Muitos projetos futuros foram adiantados e outros cancelados. O nossa casamento teve que acontecer o mais rápido possível e por isso não teve grandes festas e nem a cerimônia na Igreja que o Phillip tanto queria (disso eu nem reclamo, pois me safei bem de um vestido cafona. Casar de branco, eu??? Já casei! O que até eu duvidava que fosse acontecer!! De branco seria um pouco demais!).

Toda esta correria, pois para tirar o meu visto eu precisava ser casada com o Phillip, ok, nem precisava tanto, mas todos os envolvidos no nosso processo recomendaram. E além disso, eu precisava tirar o meu passaporte com o meu nome de casada, já que isto também fazia parte do pacote de recomendações. Tudo bem que foi um casamento maravilhoso, mas não precisava ser tão corrido.

Nossa viagem de lua-de-mel teve que ser cancelada, ao menos temporariamente. Iríamos para o Chile em janeiro, mas acho que de acordo com a atual circunstância é melhor ser num lugar mais pertinho, pois aturar outro vôo de 13 horas, não tão cedo. Mas tudo bem, espero que ao menos, quando for, seja num lugar paradisíaco, afinal a Tailândia é bem mais perto!

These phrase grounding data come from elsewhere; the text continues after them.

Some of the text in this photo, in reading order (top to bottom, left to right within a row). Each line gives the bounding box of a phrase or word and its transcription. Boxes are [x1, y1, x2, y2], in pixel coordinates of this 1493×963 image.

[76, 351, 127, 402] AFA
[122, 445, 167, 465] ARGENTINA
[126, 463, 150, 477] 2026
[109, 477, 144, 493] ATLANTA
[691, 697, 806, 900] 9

Eu tive que largar a faculdade de jornalismo, que finalmente eu tinha começado a fazer após anos de incertezas, afinal você fazer uma faculdade durante anos, trabalhar com isso e no final ter que admitir que preferia ter feito outra coisa, é frustrante. E mais frustrante ainda ter que largar, mas tudo bem, nada acontece sem um propósito, eu acredito muito nisso, e neste caso, se não tivesse feito estes meses de jornalismo, eu não teria encontrado o assunto que muito me motiva a estudar: sociologia da comunicação (mas isto também é outro assunto).

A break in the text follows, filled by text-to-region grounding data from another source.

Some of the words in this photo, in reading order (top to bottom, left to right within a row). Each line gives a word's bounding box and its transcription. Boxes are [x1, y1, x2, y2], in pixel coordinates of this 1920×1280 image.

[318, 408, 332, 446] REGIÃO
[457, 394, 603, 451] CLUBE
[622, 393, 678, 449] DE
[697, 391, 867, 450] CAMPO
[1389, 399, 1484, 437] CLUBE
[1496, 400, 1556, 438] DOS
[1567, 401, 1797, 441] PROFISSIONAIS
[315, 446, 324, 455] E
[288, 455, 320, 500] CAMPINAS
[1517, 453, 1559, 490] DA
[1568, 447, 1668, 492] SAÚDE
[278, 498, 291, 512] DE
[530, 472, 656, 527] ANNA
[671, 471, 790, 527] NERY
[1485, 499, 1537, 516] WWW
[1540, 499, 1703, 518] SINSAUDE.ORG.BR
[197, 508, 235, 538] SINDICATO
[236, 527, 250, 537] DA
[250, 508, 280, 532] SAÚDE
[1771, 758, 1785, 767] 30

Larguei também a hidroginástica, para economizar. Mas me dei bem, pois o prédio que moramos aqui tem uma piscina enorme e academia! (droga, sabia que eu iria me prescipitar em contar as coisas, sempre faço isso…humpf!)

E, por fim, o que foi o pior de tudo pra mim durante este processo, foi ficar desde março sem a menor possibilidade de projetar nada, até pra comprar o vestido da cerimônia civil do nosso casamento eu fiquei me sentindo culpada de gastar um pouquinho a mais! Comprar comida foi um saco, eu desisti, pois tudo que comprasse iria sobrar, acabou que comemos direto na rua ou na casa das nossas mães.

Na verdade este projeto ainda não terminou, ainda tem o lado b. Que acontecerá aqui, do outro lado do mundo.